**Task description**. Omit the pictures, but give back every entry below exactly as written.

**Data for this exercise**.
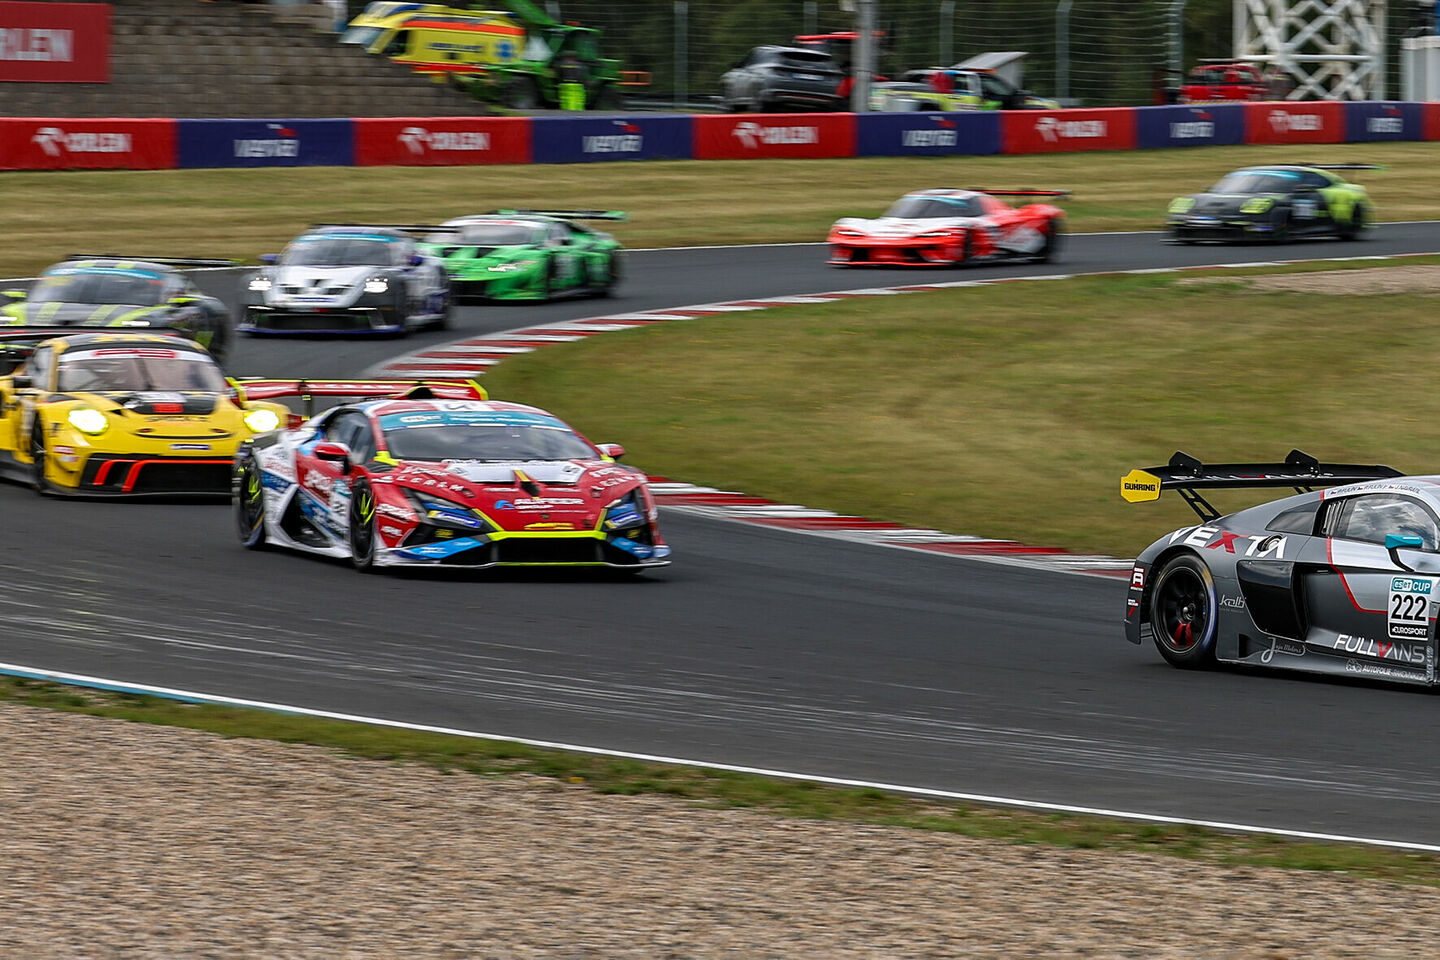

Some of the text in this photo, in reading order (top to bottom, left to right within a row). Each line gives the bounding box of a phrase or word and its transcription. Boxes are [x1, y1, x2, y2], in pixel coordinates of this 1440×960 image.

[66, 133, 132, 152] ORLEN
[428, 132, 491, 151] ORLEN
[1169, 526, 1288, 559] VEXTA
[1393, 580, 1431, 592] eset CUP
[1391, 594, 1427, 622] 222
[1392, 627, 1427, 636] EUROSPORT
[1333, 633, 1425, 663] FULLVANS

**Result**.
Some of the text in this photo, in reading order (top to bottom, left to right within a row). Each line gives the bounding box of a phrase or word and its transcription. Boxes are [x1, y1, x2, y2], in pixel coordinates of this 1440×960 image.

[66, 133, 132, 152] ORLEN
[428, 132, 491, 151] ORLEN
[1169, 526, 1288, 559] VEXTA
[1393, 580, 1431, 592] eset CUP
[1391, 594, 1427, 622] 222
[1392, 627, 1427, 636] EUROSPORT
[1333, 633, 1425, 663] FULLVANS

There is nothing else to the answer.